Appeal from an order of the Supreme Court (Relihan, Jr., J.), entered March 14, 2005 in Tompkins County, which, inter alia, denied defendant’s cross motion for summary judgment dismissing the complaint.
Defendant was retained by the Department of Transportation (hereinafter DOT) to develop a solar powered infrared camera system which could detect highway conditions and turn on street lights to warn motorists of ice or other hazards. As designed, the system included an 18-foot tall by 6 inch in diameter aluminum pole, a cabinet containing deep cycle batteries, a recharger controller, solar panels to power the batteries, and a camera. While the cabinet was to sit on the ground at the base of the pole, the solar panels were to be mounted at the top of the pole with the camera directly beneath them. To evaluate defendant’s progress, DOT installed such a pole on defendant’s property.

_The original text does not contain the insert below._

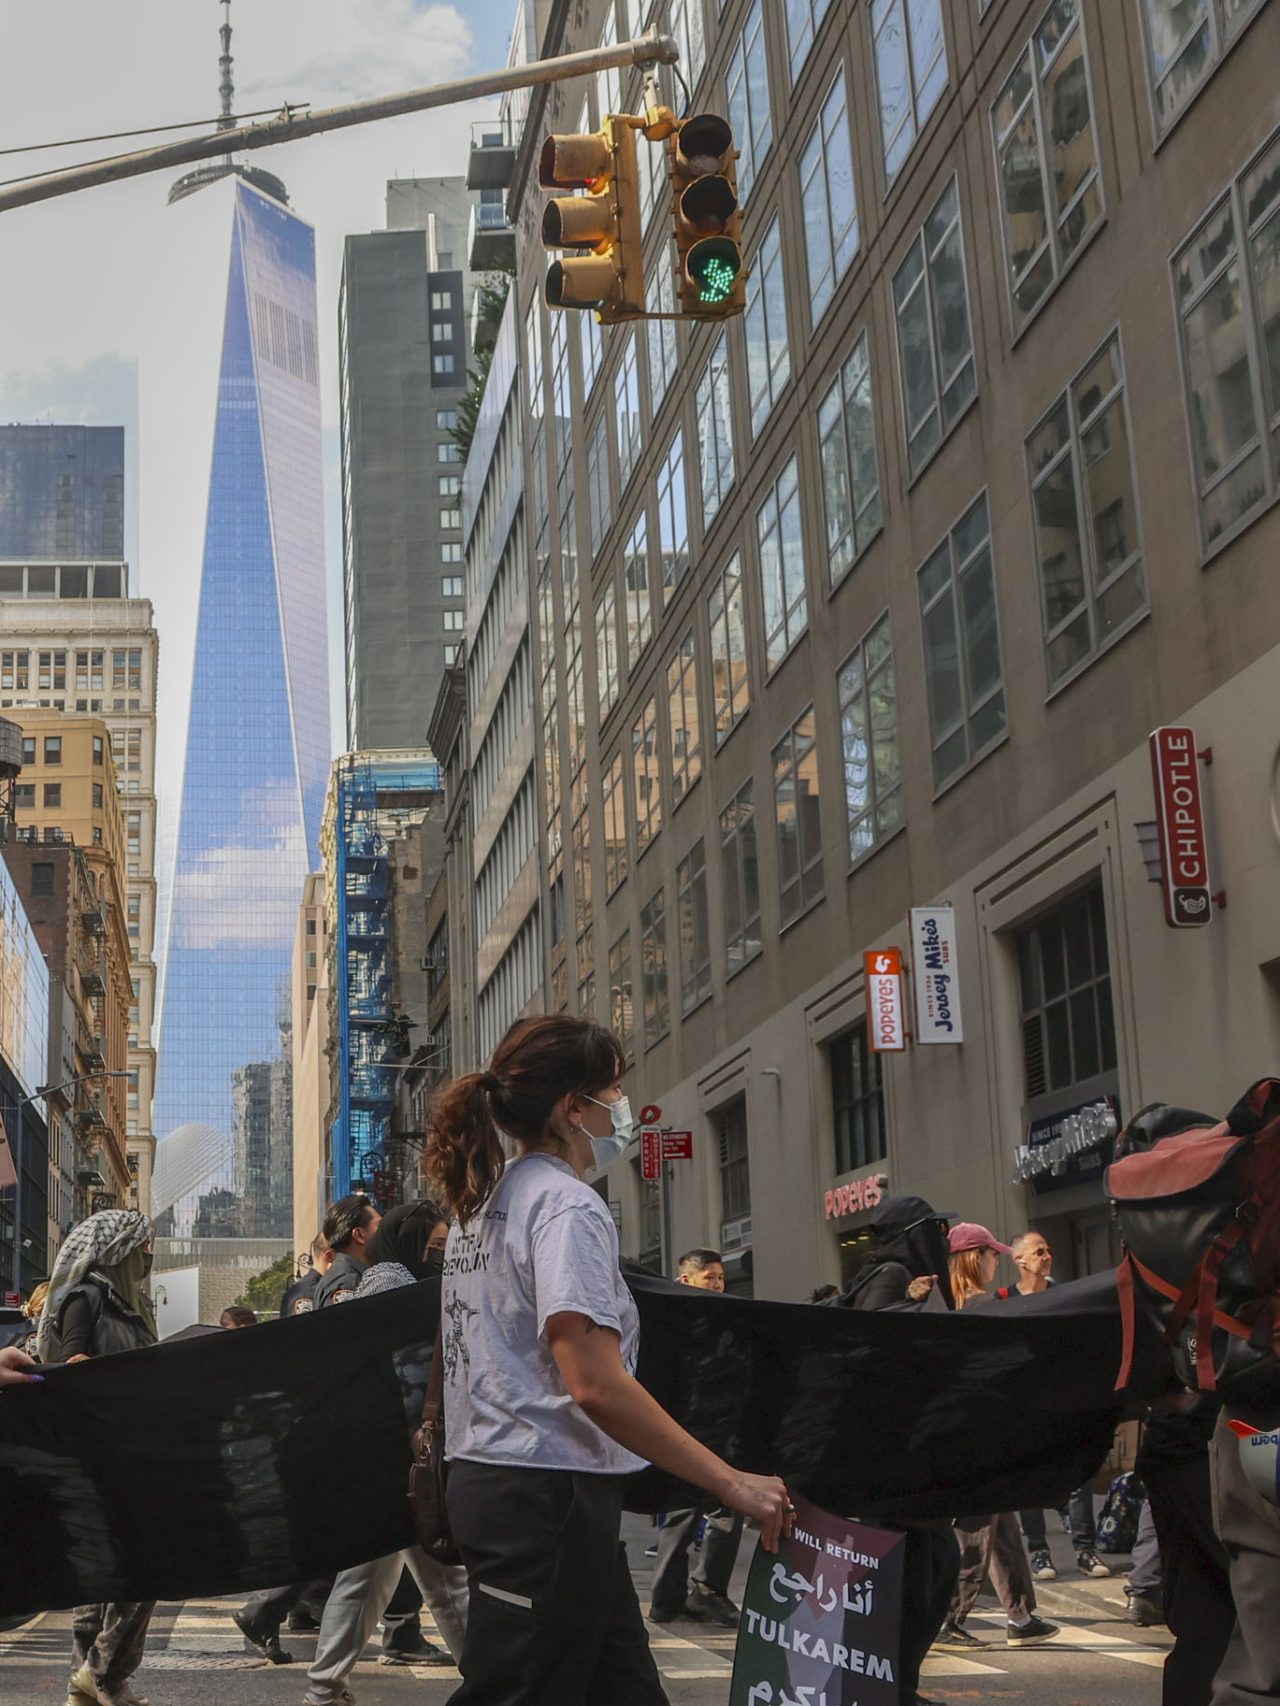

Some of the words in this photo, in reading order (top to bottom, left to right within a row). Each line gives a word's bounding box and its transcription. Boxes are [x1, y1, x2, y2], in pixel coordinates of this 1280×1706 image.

Plaintiff A. Howard Smith (hereinafter plaintiff), an independent contractor who worked on various projects for defendant, performed a survey so that DOT’s auger would not sever any utility lines when DOT employees erected the pole. Plaintiffs further involvement in this project included being present when the pole was erected, designing metal straps and harnesses for use in hanging the solar panels and camera, placing the cabinet at the foot of the pole, and “loosely” affixing the solar panel about 10 feet above the ground, using the cabinet as a work *1001platform. On the day of his accident, plaintiff was asked to install the camera so that tests could be performed the following day. Although it was not necessary, for test purposes, to position the solar panels and camera at the top of the pole, plaintiff determined that the camera angle was too oblique and, therefore, it was necessary to raise the solar panels above 10 feet. To accomplish this, plaintiff placed defendant’s ladder against the pole and climbed up the ladder, intending to tie the ladder near the top of the pole to secure it. During this process, the ladder shifted, causing plaintiff to fall and fracture his right wrist and right ankle. Plaintiff, and his wife derivatively, sued, asserting causes of action in common-law negligence as well as Labor Law §§ 200, 240 (1) and § 241 (6). Following joinder of issue and discovery, plaintiffs moved for partial summary judgment on their Labor Law § 240 (1) cause of action and defendant cross-moved for dismissal of the complaint. Supreme Court granted plaintiffs’ motion and denied defendant’s cross motion. Defendant appeals.
While defendant concedes that plaintiff’s work consisted of more than maintenance, defendant argues that plaintiffs activity on the day of the accident—installation of the camera—is not activity covered by Labor Law § 240 (1) as it is neither the erection nor alteration of a structure. We disagree and find that defendant’s argument “isolate[s] the moment of injury and ignore[s] the general context of the work” (Prats v Port Auth. of N.Y. & N.J., 100 NY2d 878, 882 [2003]). As the attachments are integral to the functioning of the project, the structure includes the pole with its various attachments. Construction is not complete until the attachments are in place (see e.g. Covey v Iroquois Gas Transmission Sys., 218 AD2d 197, 198-200 [1996], affd 89 NY2d 952 [1997]). Even if we were to accept defendant’s argument that the project should be bifurcated, thus isolating the erection of the pole from the installation of the attachments, we would still find that plaintiff enjoys the protection of Labor Law § 240 (1) since the installation of the attachments would constitute an alteration of the structure (see Ray v Niagara Mohawk Power Corp., 256 AD2d 1070, 1070-1071 [1998]; Malsch v City of New York, 232 AD2d 1, 4 [1997]).
Liability having been established and damages being the sole remaining issue, we find it unnecessary to address defendant’s remaining arguments that plaintiffs have no common-law negligence or Labor Law §§ 200 and 241 (6) causes of action.
Crew III, J.P., Peters and Rose, JJ., concur. Ordered that the order is affirmed, with costs.